Lors de sa prise de parole dimanche, Donald Trump a continué de laisser planer la menace d’une action américaine avant toute entrevue avec Téhéran. Le président du Parlement iranien, Mohammad Bagher Ghalibaf, avait auparavant affirmé que l’Iran riposterait à toute frappe américaine en ciblant des sites militaires et le transport maritime des États-Unis.
L’Iran « ne cherche pas la guerre, mais est tout à fait préparé pour la guerre », a affirmé le ministre des Affaires étrangères.
Plus de 2 600 manifestants arrêtés selon l’ONG Iran Human Rights
L’exécutif iranien cherche par ailleurs à endiguer une large contestation qui secoue le pays. Déclenchée à Téhéran le 28 décembre par des commerçants furieux contre la cherté de la vie, elle s’est largement étendue et représente l’un des plus grands défis de la République islamique depuis sa proclamation en 1979.
Les autorités ont imposé une coupure d’internet, en vigueur depuis plus de 84 heures, selon l’ONG de surveillance de la cybersécurité Netblocks. L’IHR a aussi estimé à plus de 2 600 les manifestants arrêtés. Le fils de l’ancien chah et figure de l’opposition iranienne en exil aux États-Unis, Reza Pahlavi, a exhorté sur les réseaux sociaux les forces armées et de sécurité à « se tenir aux côtés du peuple ».
La mobilisation survient dans un pays affaibli par une guerre avec Israël en juin et les coups portés à plusieurs de ses alliés régionaux, ainsi que par les sanctions liées à son programme nucléaire rétablies en septembre par l’ONU.
En fin de journée, le gouvernement a décrété trois jours de deuil national pour les « martyrs de la résistance », en référence notamment aux membres des forces de sécurité tués. Si les autorités disent comprendre les revendications économiques des manifestants, elles fustigent de plus en plus des « émeutiers » instrumentalisés selon elles par l’étranger, les États-Unis et Israël en tête.
Téhéran paralysée, les hôpitaux « débordés »

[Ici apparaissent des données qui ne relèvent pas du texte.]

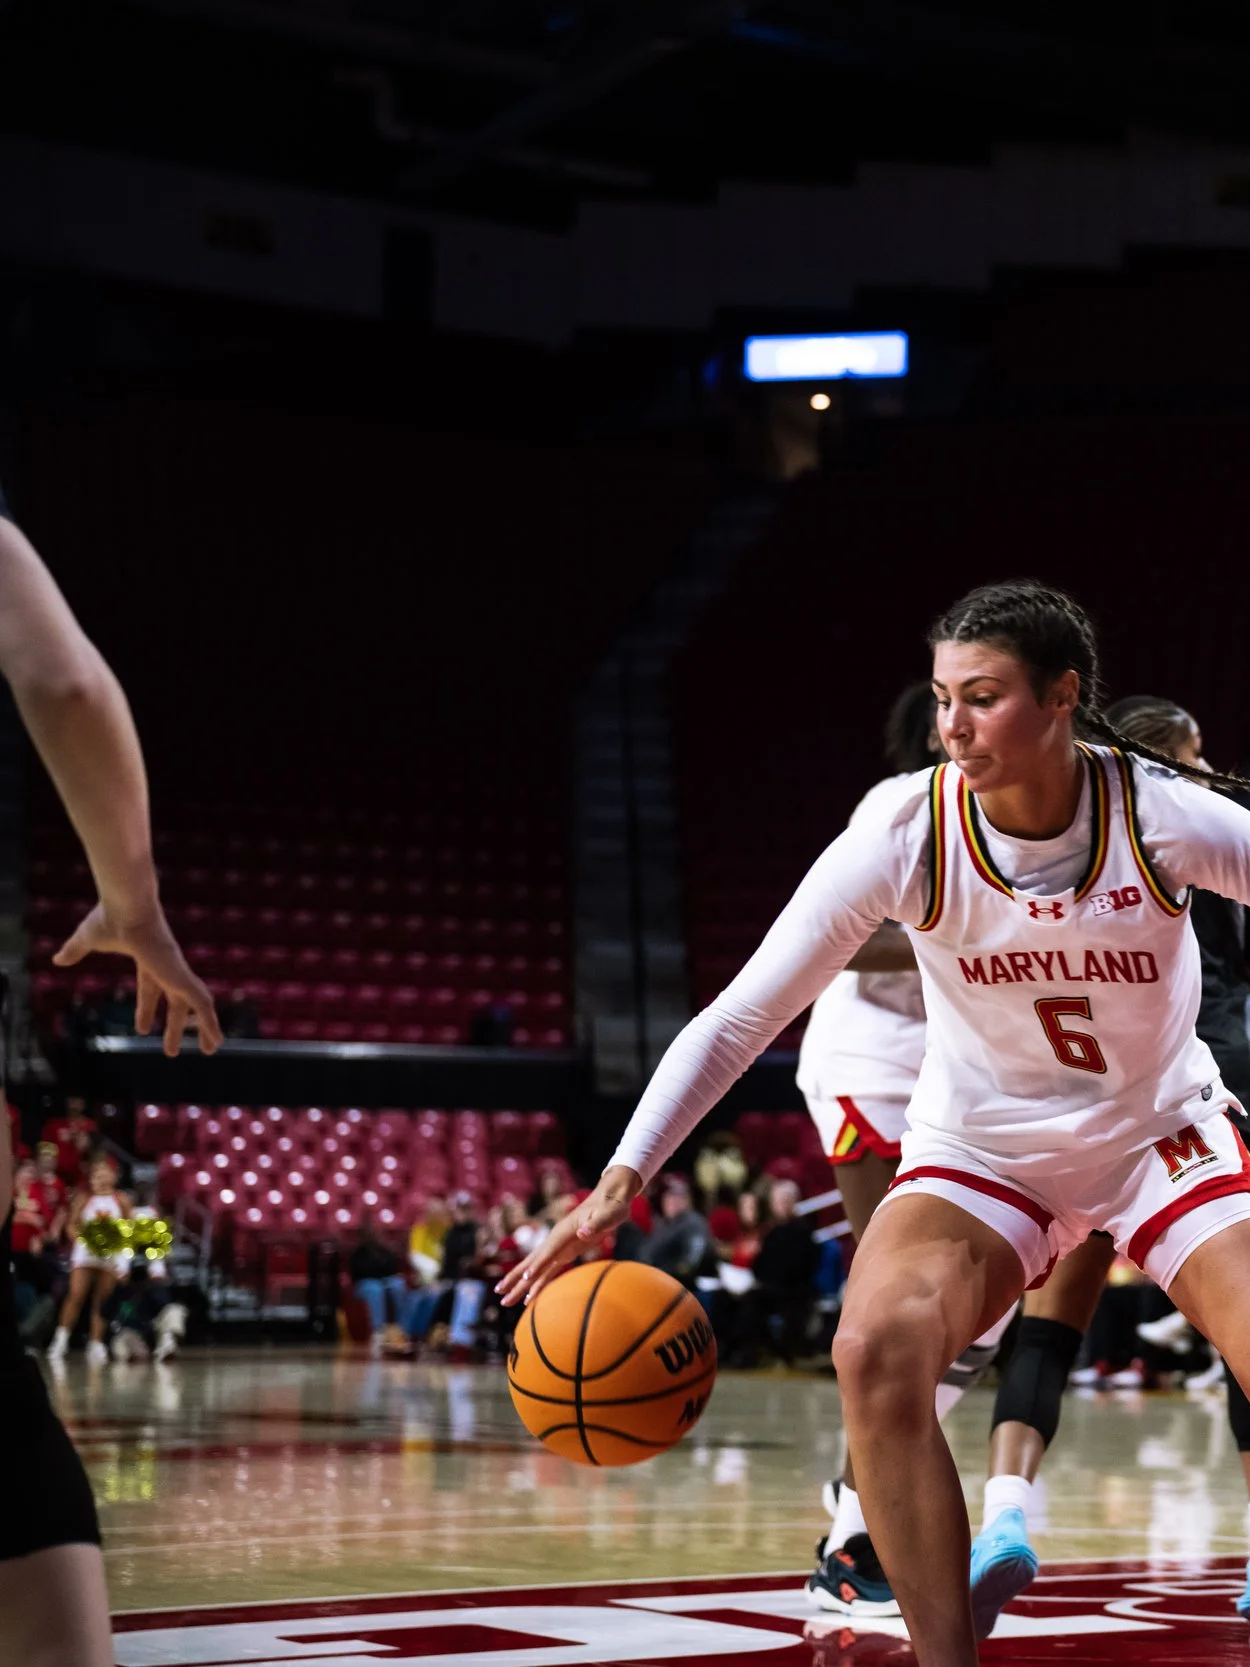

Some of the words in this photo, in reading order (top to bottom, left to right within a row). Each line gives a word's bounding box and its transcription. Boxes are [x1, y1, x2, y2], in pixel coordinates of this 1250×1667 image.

[958, 950, 1159, 985] MARYLAND
[1034, 997, 1107, 1074] 6
[1152, 1124, 1215, 1177] M

Le président Massoud Pezeshkian a exhorté la population à participer lundi à une « marche de résistance » dans tout le pays, pour dénoncer les violences commises, selon lui, par des « criminels terroristes urbains ». La télévision d’État a diffusé des images de bâtiments en feu, dont une mosquée, ainsi que de cortèges funéraires d’agents des forces de l’ordre.
Dimanche, une vidéo largement partagée montrait de nouveau des manifestants se rassemblant dans le quartier de Pounak, à Téhéran, en scandant des slogans en faveur de la monarchie déchue. La télévision d’État s’est efforcée de montrer une forme de retour au calme, diffusant des images d’une circulation fluide. Le gouverneur de Téhéran, Mohammad-Sadegh Motamedian, a affirmé à la télévision que « le nombre de manifestations [était] en baisse ».
Des images publiées sur les réseaux sociaux – probablement par des moyens satellitaires – avaient montré de grandes foules défilant dans la nuit de samedi à dimanche dans plusieurs villes iraniennes, notamment la capitale Téhéran et Machhad, dans l’est du pays. Dans une autre vidéo authentifiée par l’AFP, on voit des dizaines de corps enveloppés dans des sacs noirs devant une morgue de la capitale, et ce qui semble être des Iraniens à la recherche de leurs proches disparus.
Le Centre pour les droits de l’homme en Iran (CHRI), dont le siège est à New York, a affirmé que les hôpitaux étaient « débordés » par l’afflux de manifestants blessés, et que les réserves de sang diminuent. À Téhéran, un journaliste de l’AFP décrit une quasi-paralysie de la vie quotidienne. Des manifestations de solidarité ont rassemblé des milliers de personnes dimanche à Paris, Londres ou Vienne, tandis qu’à Istanbul, la police turque a bloqué les manifestants devant le consulat iranien.